I vote for Konfyouzd. I also think Highgain has a cool one, with that Mario gif. Daf57 has that cool little cigar smoking grenade (should I know what that's from? ) But there's some other really good ones, and I can't always remember who has what. Who's do you like? Make it something current so I don't have to work my brain too much.


----------



## asher (Dec 25, 2013)

I mean, I think mine's neat and all, but I really just wish I knew what the hell I stole it from 

I miss somebody's (Scar Symmetry? Sevenstringer?) giddy Col.
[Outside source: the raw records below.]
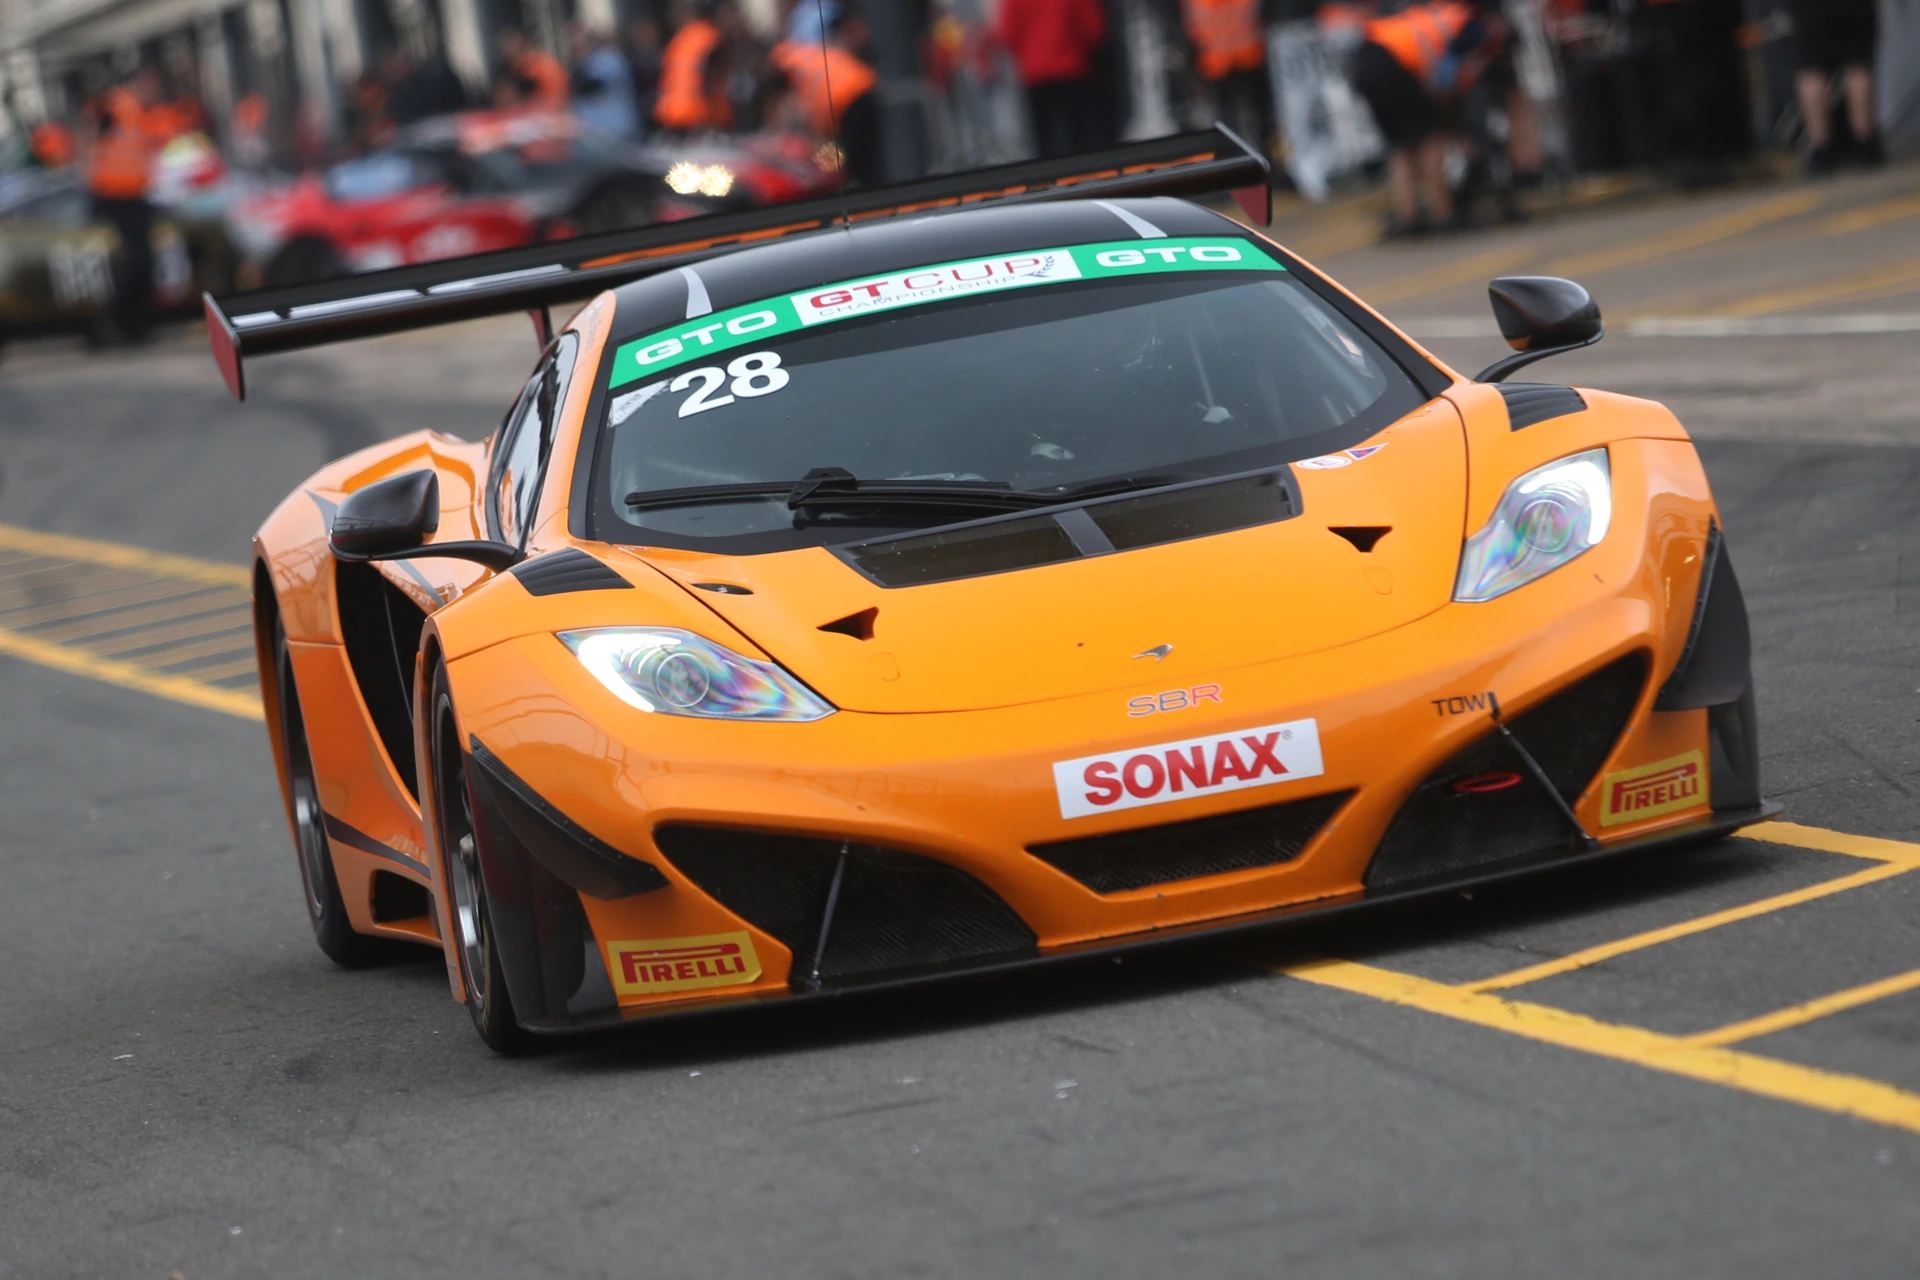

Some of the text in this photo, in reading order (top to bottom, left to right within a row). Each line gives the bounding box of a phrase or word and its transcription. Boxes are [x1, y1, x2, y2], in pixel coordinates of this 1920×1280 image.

[1096, 246, 1242, 267] GTO
[810, 258, 1040, 309] GT CUP
[819, 275, 1016, 317] CHAMPIONSHIP
[635, 310, 777, 365] GTO
[670, 351, 790, 418] 28
[1127, 683, 1223, 718] SBR
[1432, 693, 1486, 717] TOW
[1610, 762, 1699, 815] PIRELLI
[619, 943, 746, 984] PIRELLI
Landa gif.


----------



## larry (Dec 25, 2013)

mine got a few laughs in the 'most metal pic of you and your 7' thread.


----------



## larry (Dec 25, 2013)

I know randy usually has some funny avatars. that weird pencil gif is bazaar..


----------



## JoshuaVonFlash (Dec 25, 2013)

I think Drew is his name (guy with the robot being decapitated by a floppy disk for his avatar) and my own if you know what's behind the sandwich   and Hallowway I see what you did here.


----------



## piggins411 (Dec 25, 2013)

Yeah Konfyoud's is pretty memorable (and a bit distracting haha). I'm a big fan of Necris's in combination with the tagline under it.


----------



## InfinityCollision (Dec 25, 2013)

Mine's pretty spiffy


----------



## M3CHK1LLA (Dec 25, 2013)

there are so many bazaar avatars here...


----------



## Webmaestro (Dec 25, 2013)

My votes go to Konfyouzd and Rook. I'll admit though that I LOL every time I see The Spanish Inquisition's avatar.


----------



## TheWarAgainstTime (Dec 26, 2013)

Konfyouzd gets my vote


----------



## Hollowway (Dec 26, 2013)

joshuavsoapkid said:


> and my own if you know what's behind the sandwich.
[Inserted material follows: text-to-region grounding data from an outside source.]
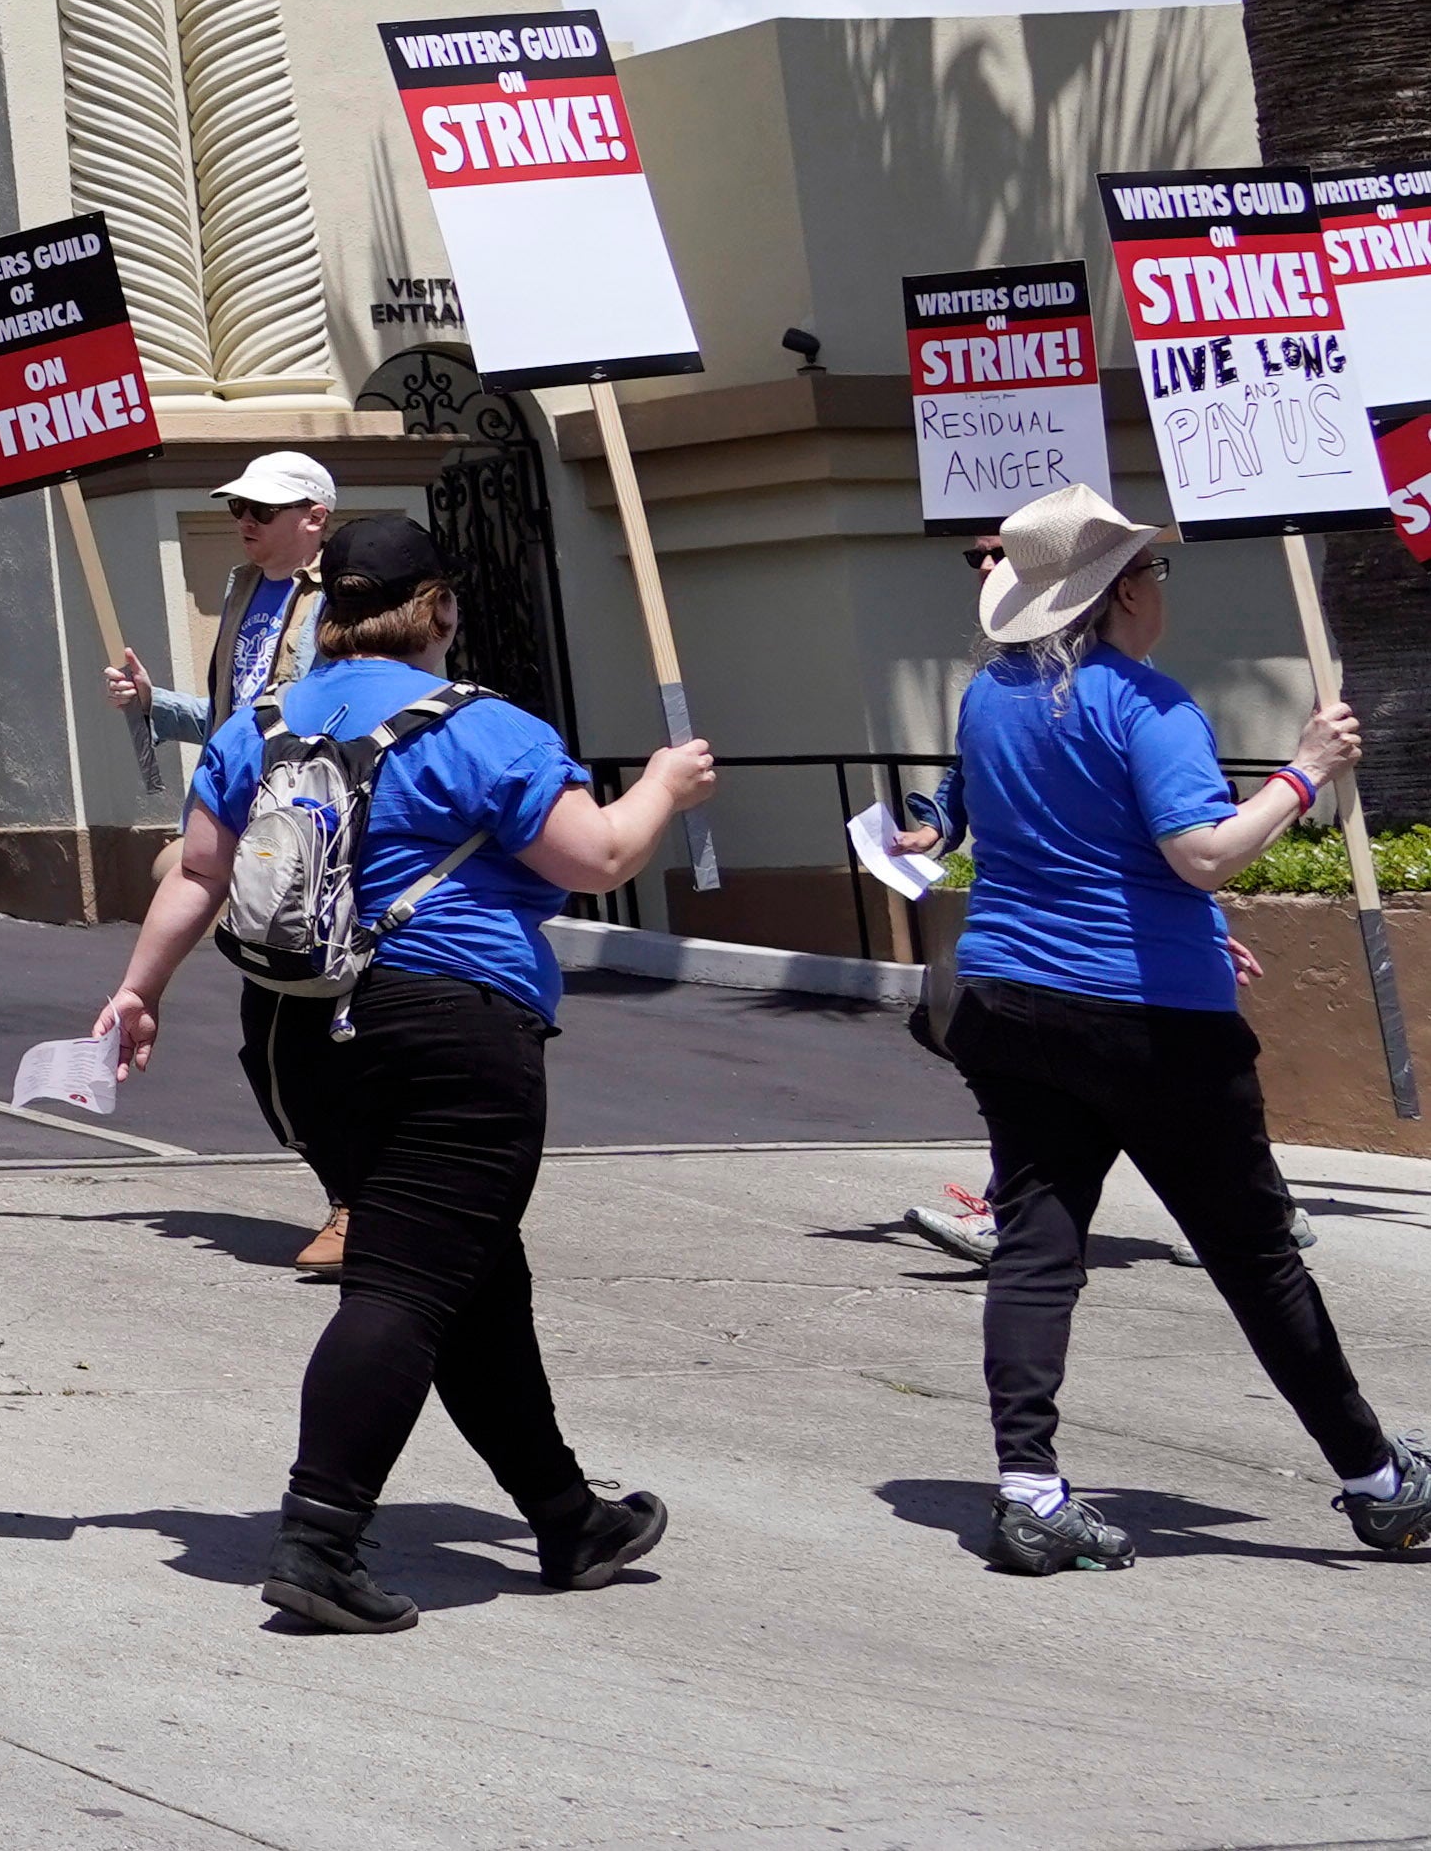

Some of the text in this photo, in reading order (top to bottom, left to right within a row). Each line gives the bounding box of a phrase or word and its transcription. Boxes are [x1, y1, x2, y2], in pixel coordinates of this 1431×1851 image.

[395, 25, 597, 68] WRITERS GUILD
[498, 71, 527, 93] ON
[422, 95, 626, 172] STRIKE!
[1393, 170, 1431, 197] GUI
[1113, 182, 1305, 220] WRITERS GUILD
[1376, 203, 1398, 220] ON
[34, 234, 100, 269] GUILD
[1210, 226, 1236, 247] ON
[1322, 219, 1431, 276] STRIK
[11, 283, 33, 304] OF
[387, 278, 452, 299] VISIT
[916, 283, 1074, 315] WRITERS GUILD
[1133, 252, 1328, 324] STRIKE!
[371, 304, 458, 323] ENTRA
[987, 315, 1006, 330] ON
[921, 328, 1082, 385] STRIKE!
[1151, 333, 1347, 399] LIVE LONG
[25, 357, 66, 390] ON
[1244, 382, 1280, 401] AND
[1164, 383, 1346, 488] PAY US
[944, 448, 1071, 495] ANGER
And I hope some of these guys with the mentioned avatars come in here. I'm can't remember the tag lines, pictures, etc.

But yeah, that pencil thing of Randy's... I'm glad that scary-ass thing is gone!


----------



## JPhoenix19 (Dec 26, 2013)

Randy has the best avatars


----------



## teamSKDM (Dec 26, 2013)

Mines pretty gold considering squidbillies is the best and i hope everyone reads what i type in earlys voice.


----------



## Discoqueen (Dec 26, 2013)

joshuavsoapkid said:


> I think Drew is his name (guy with the robot being decapitated by a floppy disk for his avatar) and my own if you know what's behind the sandwich   and Hallowway I see what you did here.



I will sit and watch the floppy disk one for like 2 minutes sometimes. It makes me laugh so hard!


----------



## dedsouth333 (Dec 26, 2013)

teamSKDM said:


> Mines pretty gold considering squidbillies is the best and i hope everyone reads what i type in earlys voice.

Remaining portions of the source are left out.